That exclamation is the result of extensive research, marketing and exploitation by some very enterprising and creative corporations. They’ve figured out that our mouth is made happy by certain tastes even though your body is transformed to flabby. The term “vanishing caloric density” was coined to describe how food processors are using their knowledge of human taste to turn people into processed food addicts. This isn’t our allegation; the industry itself understands what it has done, but the pursuit of profit trumps caring for customers.
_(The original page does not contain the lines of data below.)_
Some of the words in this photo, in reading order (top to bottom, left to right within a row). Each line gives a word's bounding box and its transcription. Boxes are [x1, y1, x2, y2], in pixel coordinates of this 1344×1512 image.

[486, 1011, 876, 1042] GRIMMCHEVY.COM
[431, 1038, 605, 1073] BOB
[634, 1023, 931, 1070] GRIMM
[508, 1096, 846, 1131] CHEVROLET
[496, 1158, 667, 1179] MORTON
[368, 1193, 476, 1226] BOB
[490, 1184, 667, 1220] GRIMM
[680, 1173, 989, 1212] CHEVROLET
“You can’t just eat one” was an advertisement slogan created for Frito-Lay in the 1960s. These five words captured the essence of the potato chip. This lowly, cheaply-manufactured chip possessed the Holy Trinity of essential tastes that the human body craves: salt, fat, sweet. It also contains two other special qualities that the human body loves: that special vanishing mouth-feel and crunch. The mouth feel is a kind of meltiness on the tongue. The ultra-processed food products most admired by food company scientists rapidly dissolves in your mouth. As this happens, your brain interprets that melting to mean that the calories in the food have disappeared as well. So it uncouples your brain from the breaks that keep your body from overeating. Thus, ‘vanishing caloric density’ leads to chronic overeating which leads to chronic overbuying. As to crunchiness, British researchers have found that the more noise a chip makes when you eat it, the better you’ll like it and the more apt you are to eat more. So food processors spend a lot of effort creating a perfectly noisy, crunchy feel that both vanishes and crunches, while providing the salt, sugar and fat that your body thinks is “satisfying”.
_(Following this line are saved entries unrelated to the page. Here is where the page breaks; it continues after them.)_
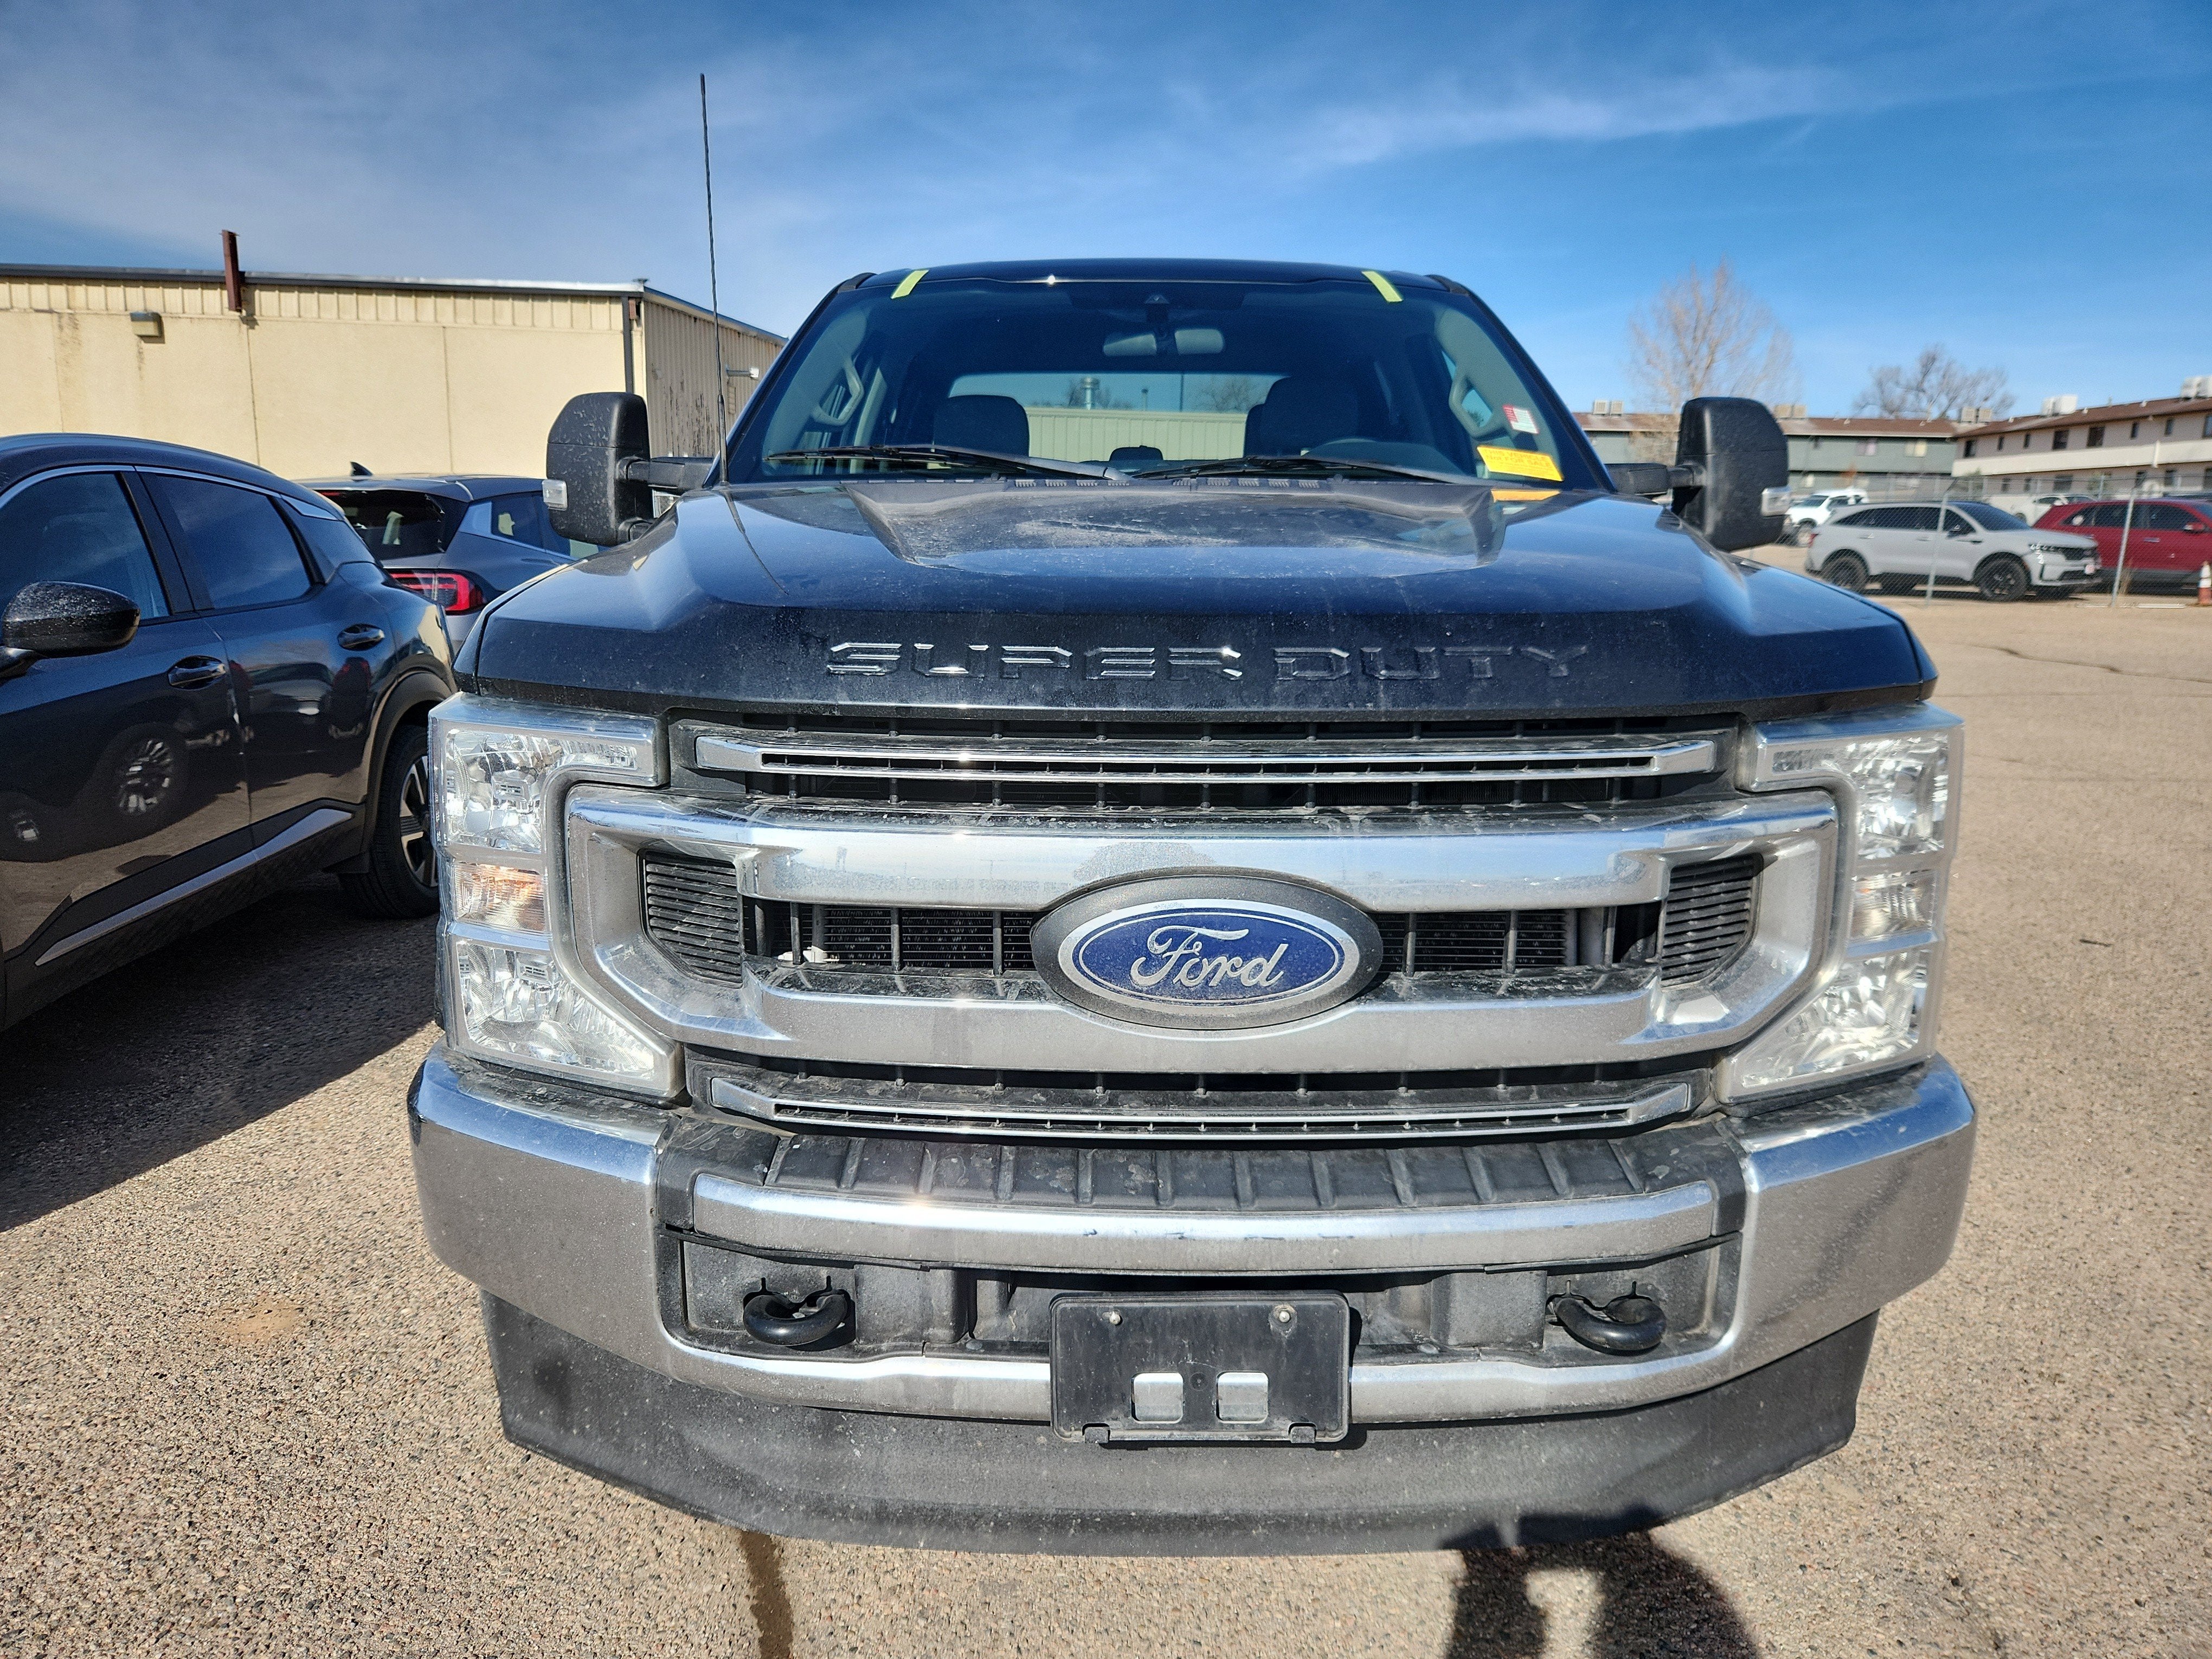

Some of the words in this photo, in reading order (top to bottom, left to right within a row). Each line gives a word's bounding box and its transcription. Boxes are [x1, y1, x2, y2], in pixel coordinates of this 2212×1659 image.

[1504, 456, 1525, 464] FOR
[1528, 459, 1553, 468] SALE
[1507, 451, 1547, 462] VEHICLE
[826, 642, 1243, 681] SUPER
[1274, 646, 1588, 681] DUTY
[1130, 925, 1289, 988] Ford
This isn’t about cool recipes; this is about food science. The food industry spends a lot of money trying to figure out that to which the human body responds and they design their foods to appeal to those needs. It’s good business but its bad for customers, over time. According to the Centers for Disease Control and Prevention more than one-third of U.S. adults (35.7%) are obese. Obesity-related complications include heart disease, stroke, type 2 diabetes and certain types of cancer9. In 2008, medical costs associated with obesity were estimated at $147 billion; the medical costs for people who are obese were $1,429 higher than those of normal weight.
American eaters are up against some fairly formidable adversaries. While we spend time trying to lose weight and stay healthy, we have large food companies that that strategize about how to further exploit the growing (literally) population of consumers, through state of the art, chemical manipulation of our foods. The New York Times has exposed some of this food manipulation, relying largely upon the reportage of Michael Moss, whose recent book, ‘Salt, Sugar, Fat’ exposes the coordinated effort by food companies to addict their customers to foods that are satisfying but unhealthy.
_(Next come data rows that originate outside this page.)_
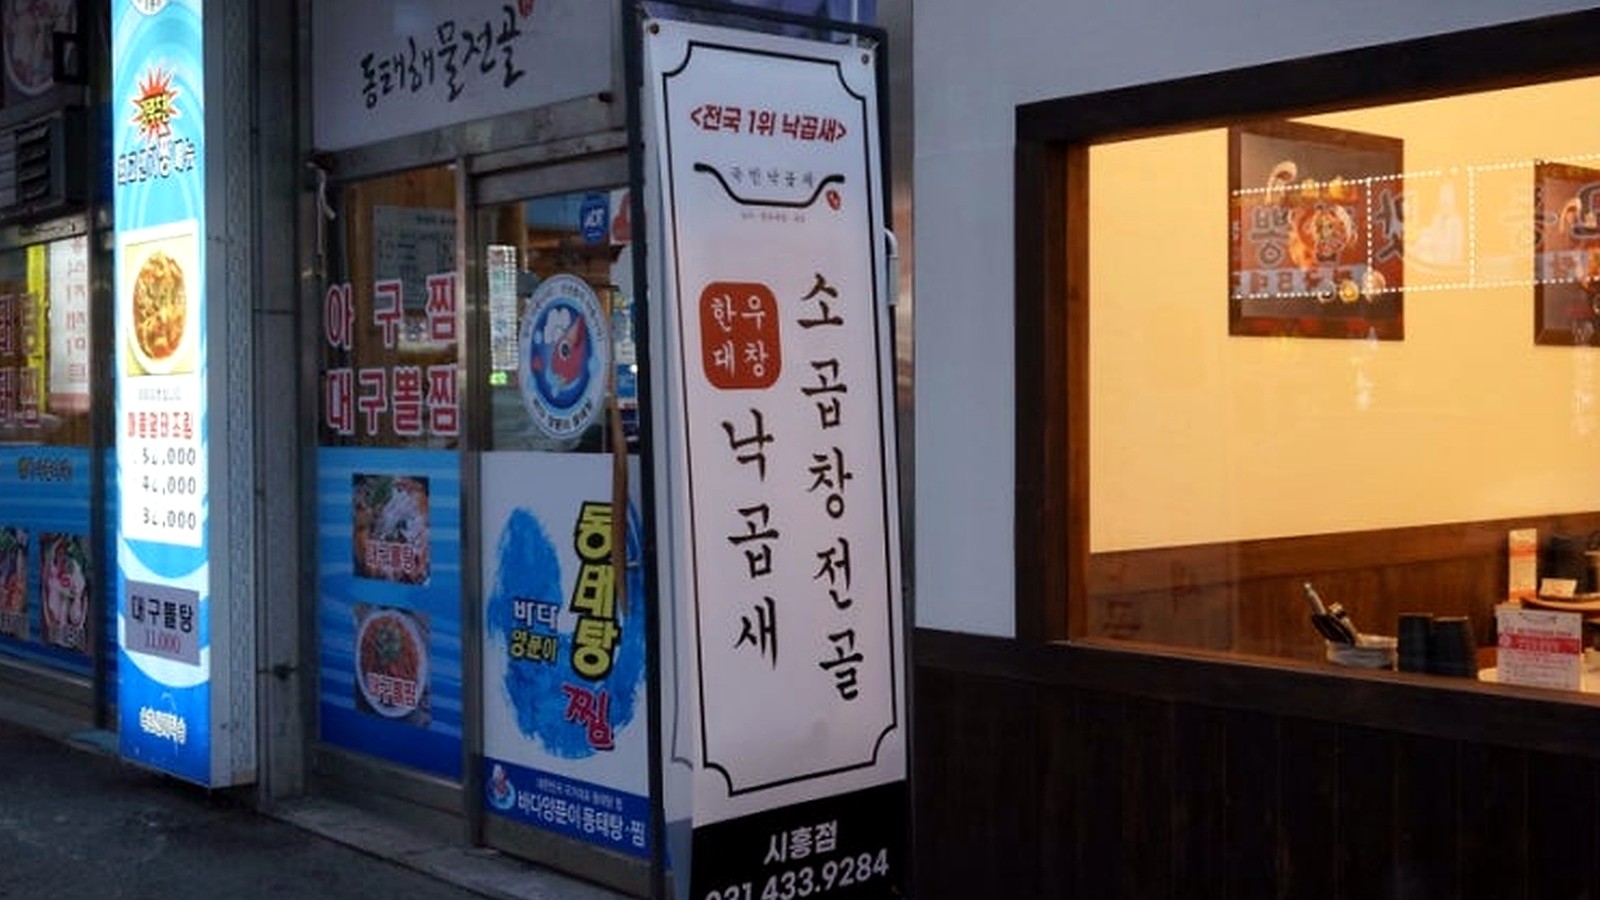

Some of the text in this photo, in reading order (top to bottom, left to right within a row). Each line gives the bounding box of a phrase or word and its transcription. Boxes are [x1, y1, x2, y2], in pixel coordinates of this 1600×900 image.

[360, 5, 526, 109] 동태해물전골
[748, 109, 776, 137] 1위
[711, 295, 767, 333] 한우
[711, 341, 770, 378] 대창
[326, 364, 458, 436] 대구뽈찜
[796, 273, 864, 702] 소곱창전골
[722, 408, 780, 670] 낙곱새
[131, 595, 194, 633] 대구뽈탕
[513, 598, 558, 632] 바다
[570, 501, 621, 681] 동태탕
[562, 682, 615, 751] 찜
[763, 820, 838, 865] 시흥점
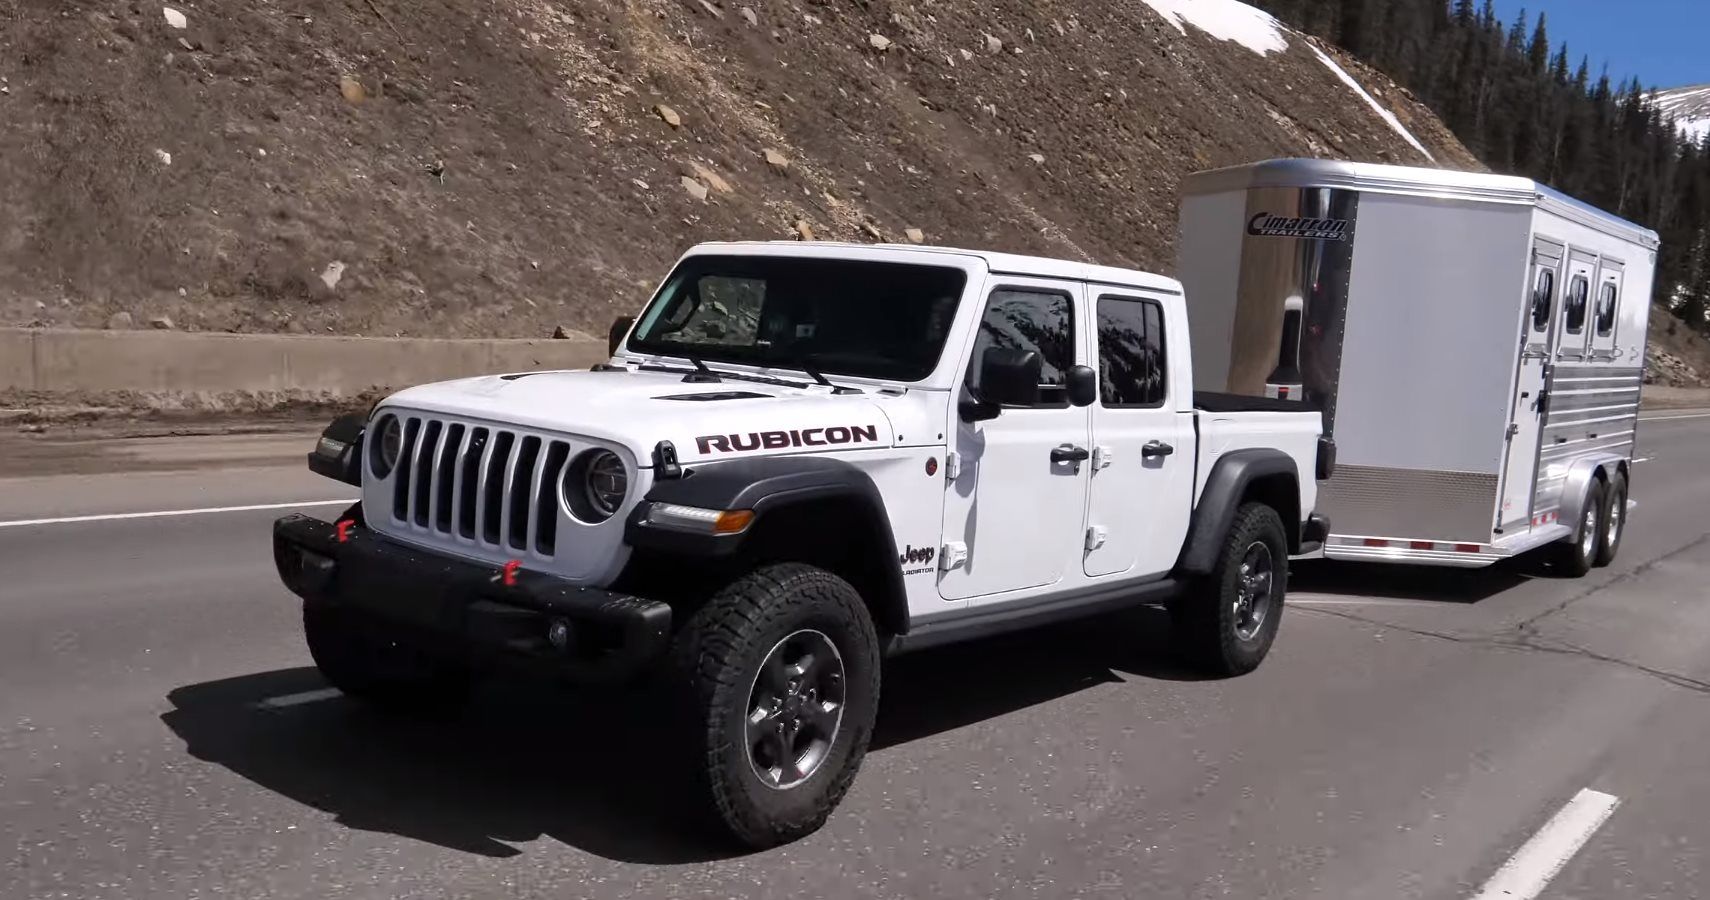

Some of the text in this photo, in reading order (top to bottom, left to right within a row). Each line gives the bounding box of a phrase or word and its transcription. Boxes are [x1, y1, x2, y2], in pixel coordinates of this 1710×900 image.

[1260, 229, 1338, 238] TRAILERS
[695, 425, 877, 454] RUBICON
[900, 545, 934, 565] Jeep
In turn, Moss relies upon a hypothesis by Dr. Robert Hyde which states that we tend to like foods with high oral impact, plenty of taste and dynamic contrast, but with low satiating ability or immediate gastric feedback. Examples: meringues, diet soda, cotton candy, popcorn, chips and pretzels. As outlined by Steven Witherly in his book “Why Humans Like Junk Food’, food companies and clever chefs know that specific food ingredients added to almost any recipe increase flavor and complexity, both of which contribute to food pleasure, albeit not food health. They understand that the chemistry of common foods like soy sauce, cheese (Cheddar, Parmesan, Romano), butter/cream, sugar and reaction-flavor additions, worcestershire sauce, bacon, egg yolks and salt provide desirable flavor but not necessarily better health. Yet, they deploy these secret food ‘weapons’ because they are persuade the human brain that the food is satisfying and, therefore, good.
As you munch on those ‘chips’, or popcorn or the hamburgers, fries, pizza, Mexican or Chinese foods, chicken nuggets, breakfast ‘sandwiches’ and Caesar salads that have become staples of the American diet, you should consider that each of these foods have been created so that you’d feel full. They are not good for you and will likely leave you chronically ill and obese — but that’s not the concern of the mega-corporations that feed you. That’s the health-industry’s problem………and yours!